Symmetric Hadamard matrices of order 116 and 172 exist

TL;DR

This paper constructs new symmetric Hadamard matrices of orders 116 and 172, expanding known existence results, using combinatorial arrays and algorithmic adaptations, and introduces an infinite series of such matrices.

Contribution

It presents the first known symmetric Hadamard matrices of orders 116 and 172, and introduces a new infinite series based on the GP array.

Findings

Existence of symmetric Hadamard matrices of order 116 and 172 confirmed.

New combinatorial array and algorithmic methods applied.

An infinite series of symmetric Hadamard matrices identified.

Abstract

We construct new symmetric Hadamard matrices of orders $92,116$, and $172$. While the existence of those of order $92$ was known since 1978, the orders $116$ and $172$ are new. Our construction is based on a recent new combinatorial array discovered by N. A. Balonin and J. Seberry.

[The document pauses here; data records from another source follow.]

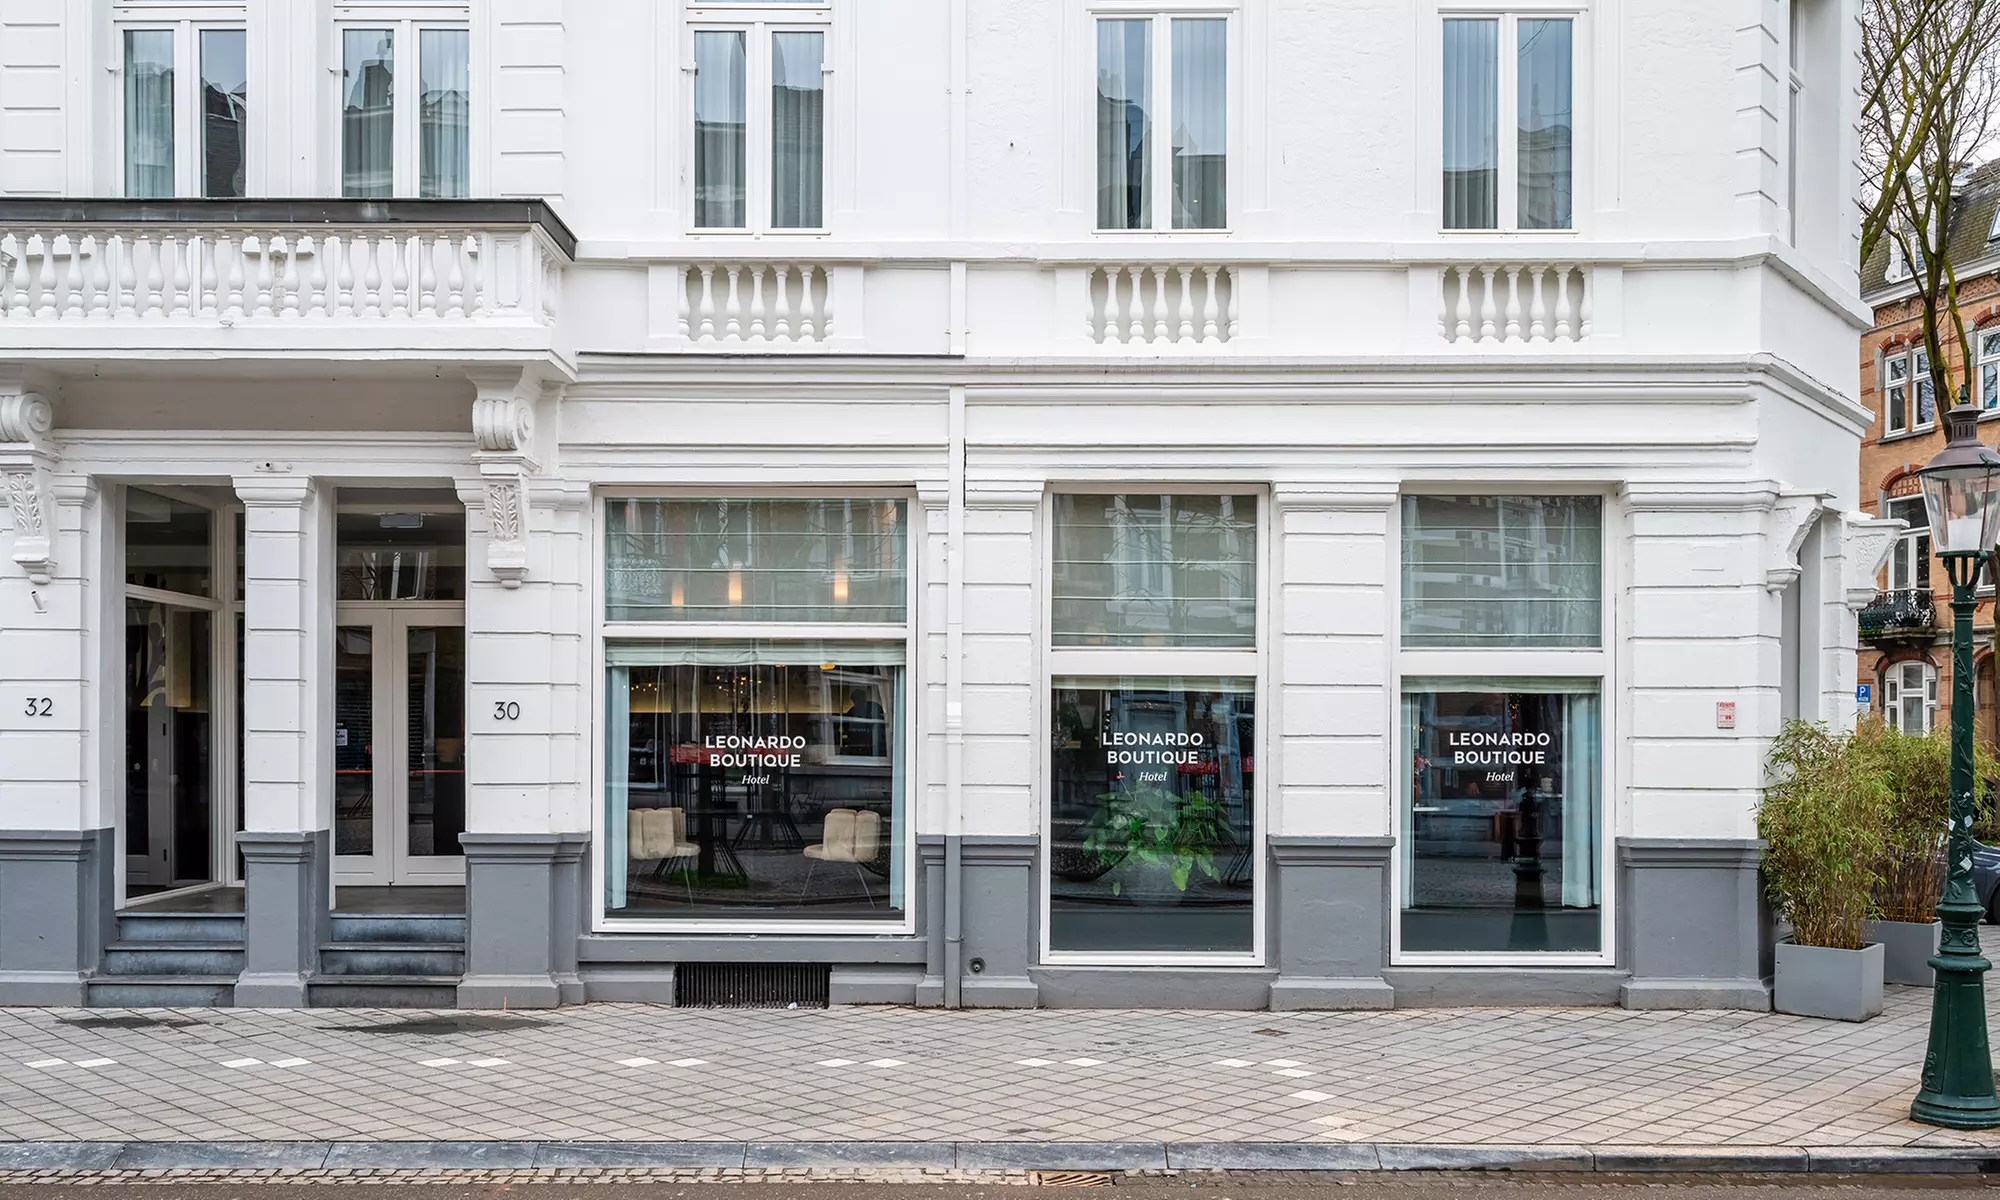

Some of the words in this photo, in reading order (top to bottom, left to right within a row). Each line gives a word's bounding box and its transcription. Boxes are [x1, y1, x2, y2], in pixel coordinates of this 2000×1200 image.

[25, 697, 53, 717] 32
[494, 701, 520, 720] 30
[706, 735, 807, 749] LEONARDO
[1102, 732, 1203, 746] LEONARDO
[1449, 732, 1550, 746] LEONARDO
[711, 753, 802, 767] BOUTIQUE
[1107, 750, 1198, 764] BOUTIQUE
[1454, 750, 1545, 764] BOUTIQUE
[741, 772, 771, 785] Hotel
[1137, 769, 1167, 782] Hotel
[1484, 769, 1514, 782] Hotel

For order $116$ we used an adaptation of an algorithm for parallel collision search. The adaptation pertains to the modification of some aspects of the algorithm to make it suitable to solve a 3-way matching problem. We also point out that a new infinite series of symmetric Hadamard matrices arises by plugging into the GP array the matrices constructed by Xia, Xia, Seberry, and Wu in 2005.